- _Information shown_

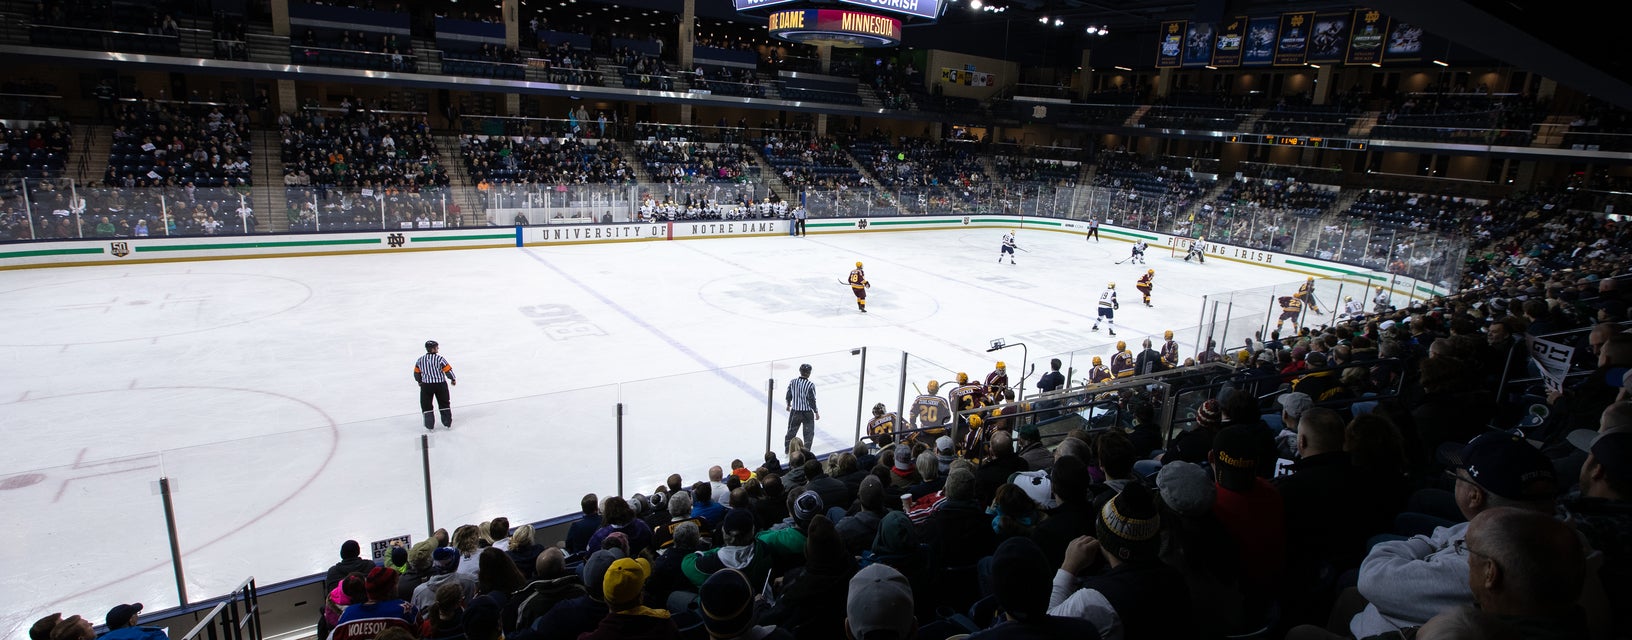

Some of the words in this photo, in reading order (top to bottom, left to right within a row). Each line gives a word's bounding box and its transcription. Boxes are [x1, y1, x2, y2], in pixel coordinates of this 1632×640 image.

[779, 11, 805, 29] DAME
[841, 12, 893, 37] MINNESOTA
[542, 226, 641, 240] UNIVERSITY
[652, 225, 667, 236] OF
[692, 223, 734, 235] NOTRE
[742, 222, 775, 233] DAME
[1167, 237, 1226, 255] FIGING
[1234, 248, 1273, 263] IRISH
[919, 404, 938, 423] 20

- _Task goal_
Output a precise copy of the entries, leaving the images out.

- _Result of the exercise_
Some of the words in this photo, in reading order (top to bottom, left to right within a row). Each line gives a word's bounding box and its transcription. Boxes are [x1, y1, x2, y2], in pixel coordinates of this 1632×640 image.

[779, 11, 805, 29] DAME
[841, 12, 893, 37] MINNESOTA
[542, 226, 641, 240] UNIVERSITY
[652, 225, 667, 236] OF
[692, 223, 734, 235] NOTRE
[742, 222, 775, 233] DAME
[1167, 237, 1226, 255] FIGING
[1234, 248, 1273, 263] IRISH
[919, 404, 938, 423] 20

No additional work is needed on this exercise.